Analysis of a real example of ovarian cancer data
We next evaluated the performance of the five tests using an ovarian cancer data set from Dressman et al. [21]. This dataset consists of 119 ovarian cancer samples that were obtained at the initial cytoreductive surgery from patients treated at Duke University Medical Center and H. Lee Moffitt Cancer Center and Research Institute. 22115 gene expression levels were used in this analysis, of which 204 pathways were identified by KEGG. Among these 204 pathways, the smallest pathway consists of 5 genes while the largest one includes 474 genes, and the average number of genes across the 204 pathways is about 80.
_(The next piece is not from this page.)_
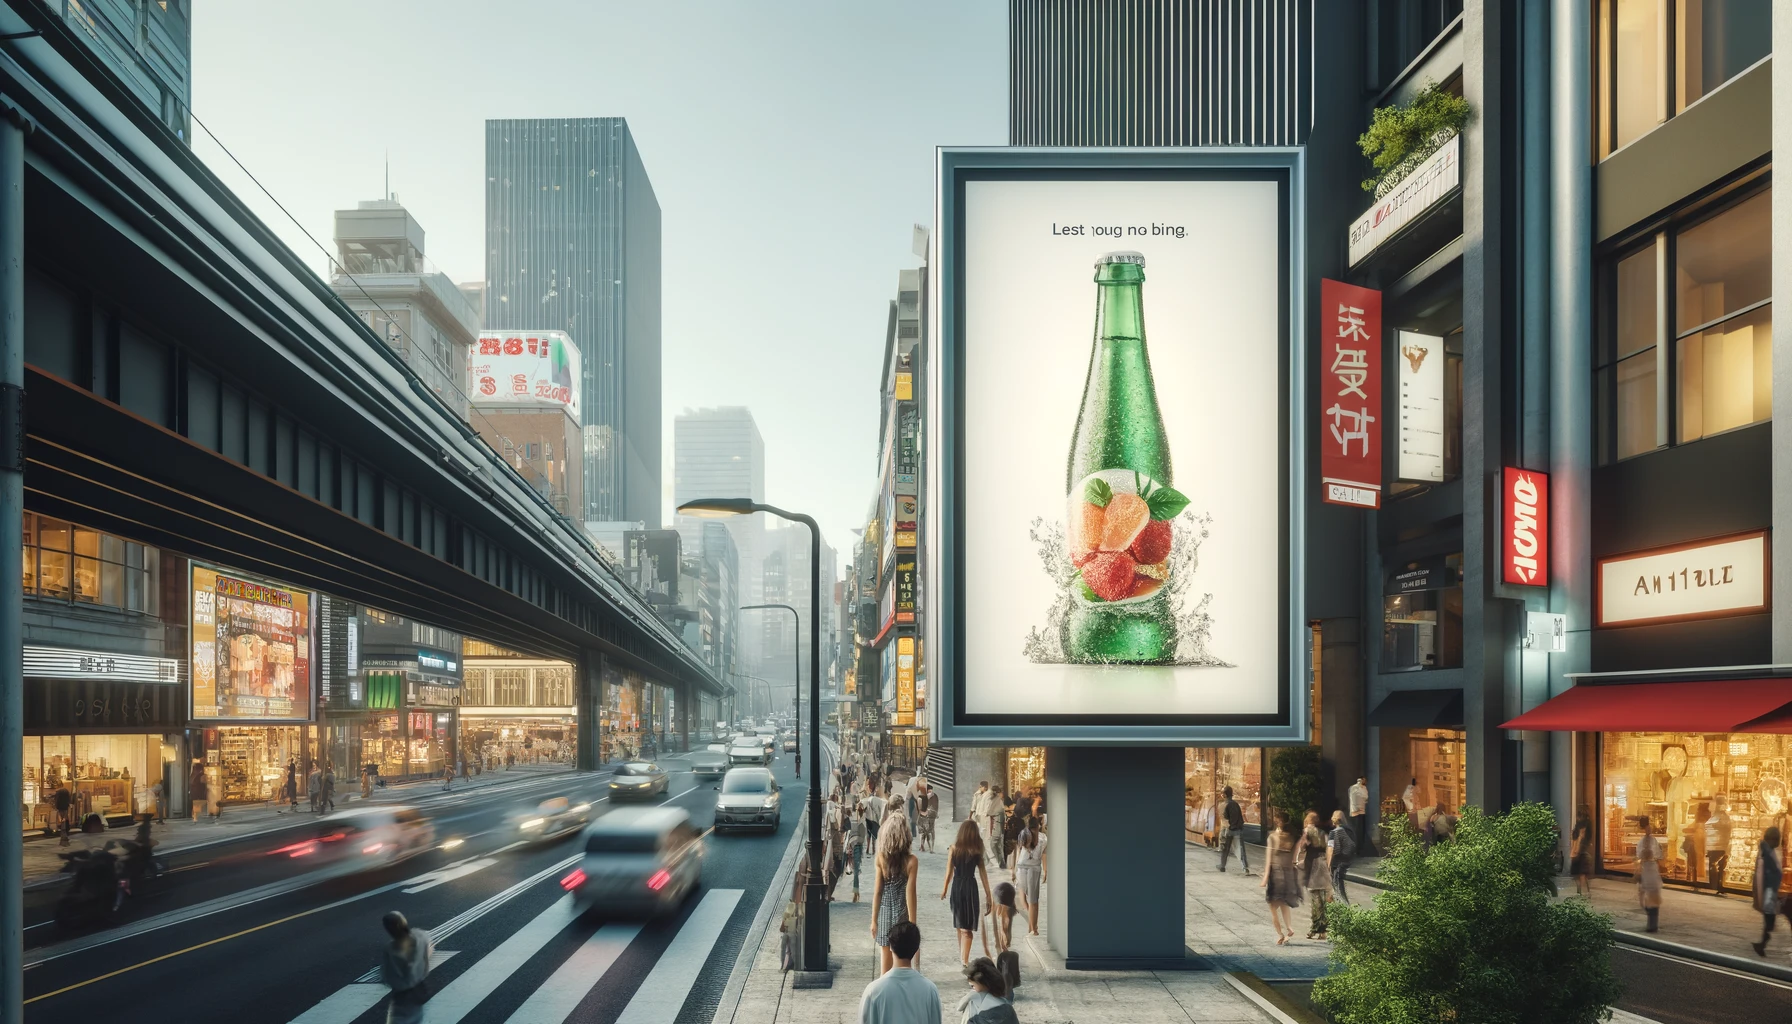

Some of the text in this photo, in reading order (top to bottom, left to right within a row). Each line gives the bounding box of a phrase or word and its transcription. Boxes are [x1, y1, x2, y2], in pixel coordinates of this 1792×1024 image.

[1053, 222, 1085, 236] Lest
[1128, 226, 1147, 236] no
[1152, 222, 1189, 239] bing.
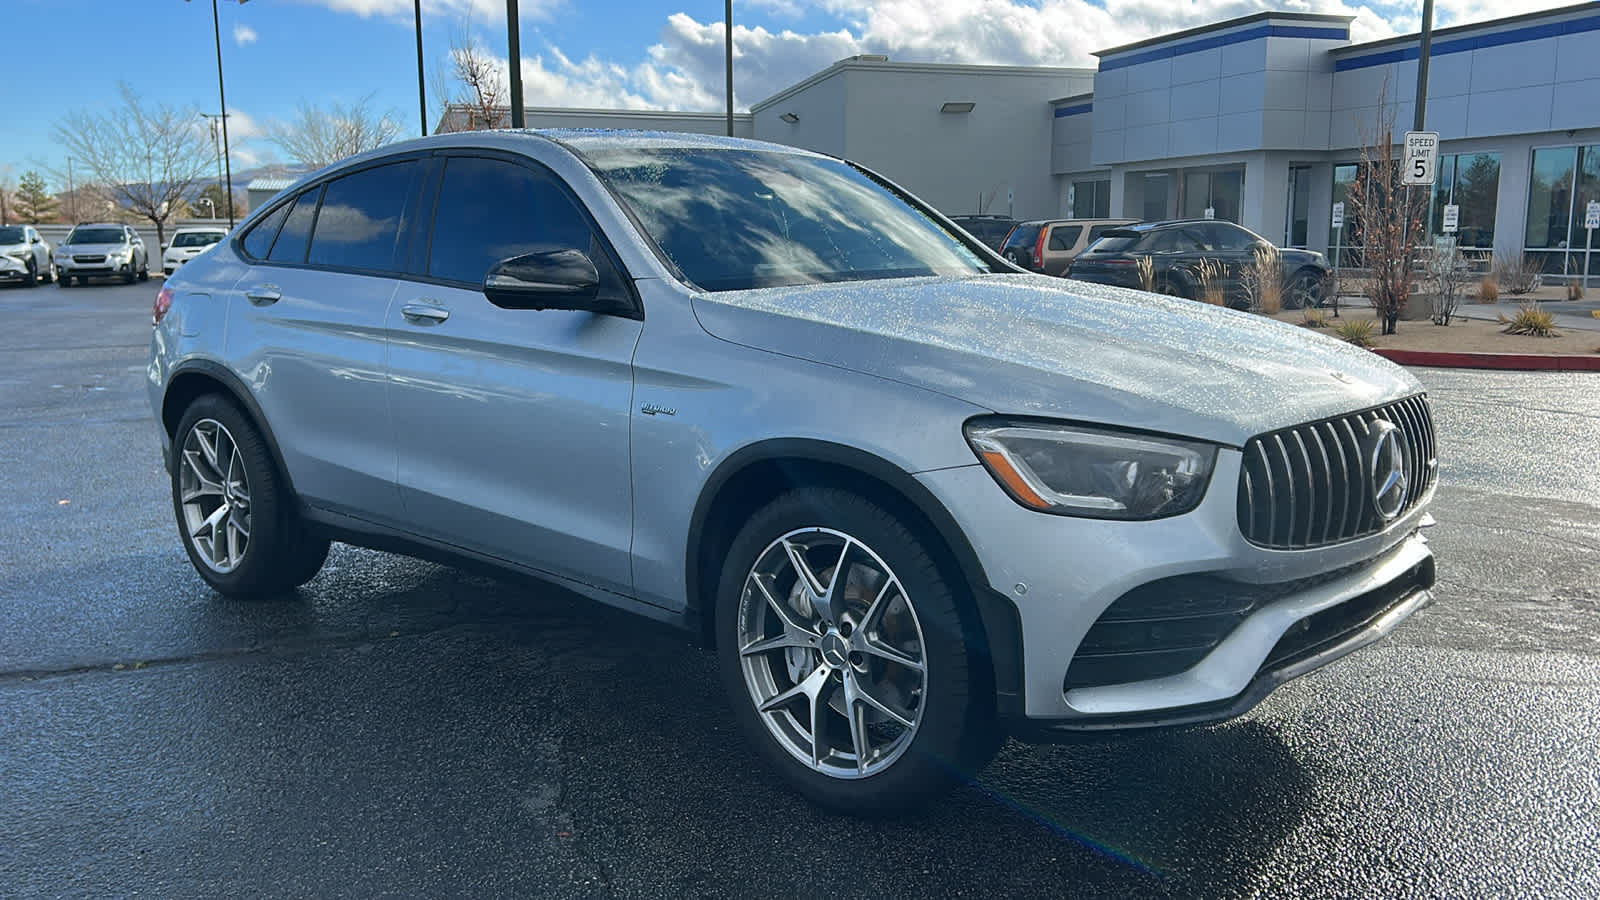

Crijns et al. [22] identified survival-related profile, pathways and transcription factors by analyzing a dataset of 157 patients with advanced-stage serious ovarian cancer from the University Medical Center Groningen in Netherlands, collected in the time period 1990-2003. They used the dataset of 119 ovarian cancer samples in Dressman et al. [21] to validate the identified profile and pathways.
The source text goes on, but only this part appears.